Glasgow 17/07/2007 23:04:20

I returned to the traditional Mass last year after coming to the conclusion that the N.O. Mass (interesting abbreviation of the Novus Ordo!) was doing nothing but raise my temper. The difference now, is incredible. Apart from the sheer peace of the Mass itself (notwithstanding the noisy children - lots of young families and babies galore) we get the best of sermons; all the things I've not heard in N.O. Masses, ranging from Hell, Purgatory and infallibility to devotions to the Sacred Heart and Our Lady to sacramentals and their place in our spiritual life (medals and the brown scapular). My simple reply now to anyone who asks me why I travel to go to the traditional Mass when I can attend the local parish/N.O. Mass is: why would anybody want mince when they can have steak?

49

Teemackell the Scribe,

19/07/2007 00:45:28

Hello, 43. Boeciana:

"14 [i.e. Teemackell the Scribe], similarly, is being a wee bit archaeological in suggesting that a consistent approach to liturgical tradition would impel the recovery of Celtic rites/uses."
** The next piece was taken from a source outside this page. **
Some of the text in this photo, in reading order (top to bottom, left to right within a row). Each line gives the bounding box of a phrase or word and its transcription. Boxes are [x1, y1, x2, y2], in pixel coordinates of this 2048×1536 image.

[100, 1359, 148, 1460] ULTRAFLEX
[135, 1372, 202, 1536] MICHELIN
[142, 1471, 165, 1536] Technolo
I suggested no such thing. The example was brought forth (among others) to illustrate how GW's "Mass of all time" assertion was essentially rhetorical and arguably vacuous. My interlocutor Conori (See his/her 16: "it really is nothing more than a rhetorical flourish") accepted this argument as I now accept his/hers that the term "Mass" is essentially a Roman Rite one (Ite missa est).
However, I was not arguing about a linguistic term but about sacramental liturgies; not about the word but the thing (Those with even more than a half-baked grasp of Schoolmen theology should be particularly on their guard against the trap of confusing the two). The eucharistic liturgies to which I referred would, I think, be accepted as valid celebrations of the sacrifice of Calvary by Rome.

You are, I suspect, correct to argue that "there are no complete manuscripts of these liturgies." I would be careful, though, before dismissing them as being un-reconstructable. However, that problem is irrelevamt since I do not argue that case you think I do. I state it, but don't make it.

50

Anita Crane,

U.S.A. 20/07/2007 03:31:55

The author says something disturbing, namely: "It is important, however, to keep this development in perspective. Benedict XVI is not the awaited Pope of Tradition who will fully restore the Church; but he is a holy man of deeply orthodox convictions who is paving the way."
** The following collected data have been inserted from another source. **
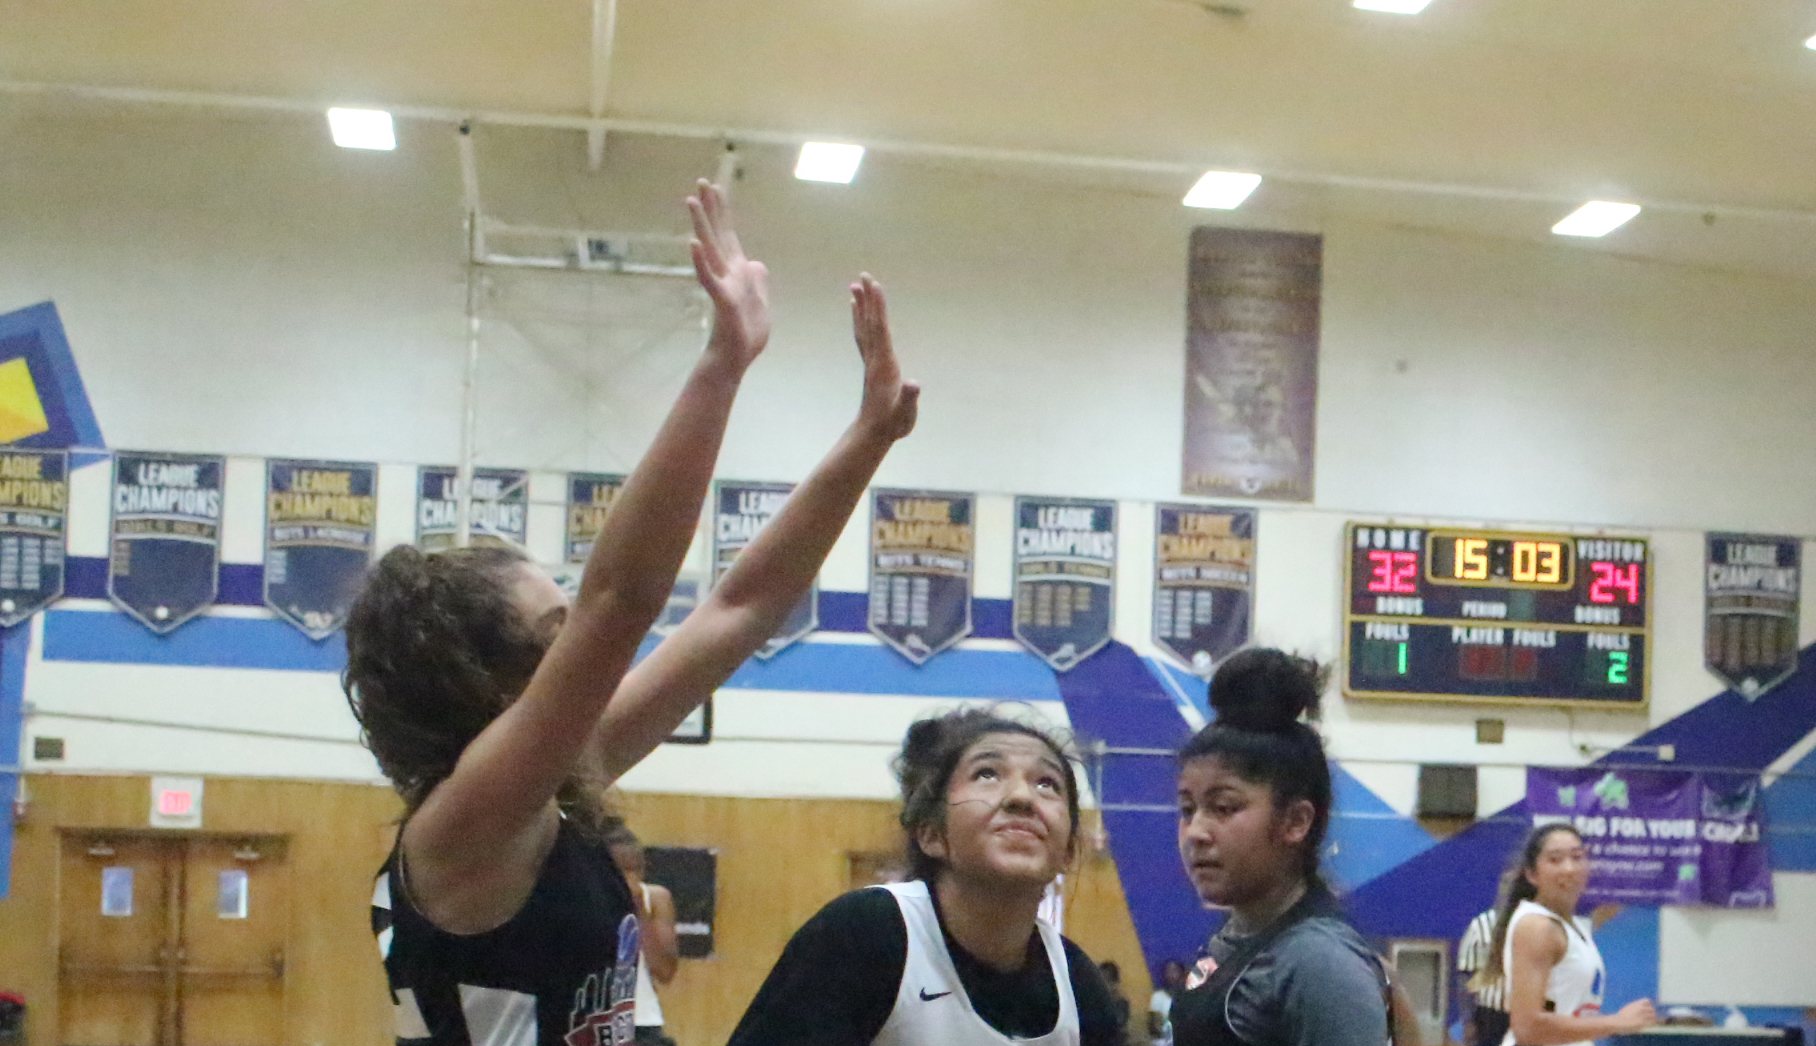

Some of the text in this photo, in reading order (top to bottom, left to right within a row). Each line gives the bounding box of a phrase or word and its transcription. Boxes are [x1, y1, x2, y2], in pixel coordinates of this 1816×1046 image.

[139, 462, 200, 487] LEAGUE
[291, 469, 351, 495] LEAGUE
[115, 481, 220, 518] CHAMPIONS
[1037, 506, 1096, 531] LEAGUE
[1017, 527, 1114, 559] CHAMPIONS
[1577, 540, 1645, 562] VISITOR
[1368, 551, 1418, 593] 32
[1590, 562, 1639, 604] 24
[1376, 596, 1424, 615] BONUS
[1461, 600, 1507, 619] PERIOD
[1574, 603, 1620, 624] BONUS
[1365, 622, 1410, 640] FOULS
[1452, 626, 1556, 648] PLAYER FOULS
[1587, 632, 1630, 650] FOULS
[1398, 643, 1408, 674] 1
[1608, 651, 1628, 683] 2
[1609, 816, 1647, 838] FOR
[1647, 819, 1697, 839] YOUR
First, it seems like a lack of faith. After all, faithful Catholics believe that each pope is chosen by the Holy Spirit.

Second, it insults the Holy Spirit.

Third, it defies true logic because no pope can "fully restore the Church," whatever he means by that. In fact, it would take every single member of the Church to fully restore it--because full restoration requires every single member being in the state of grace.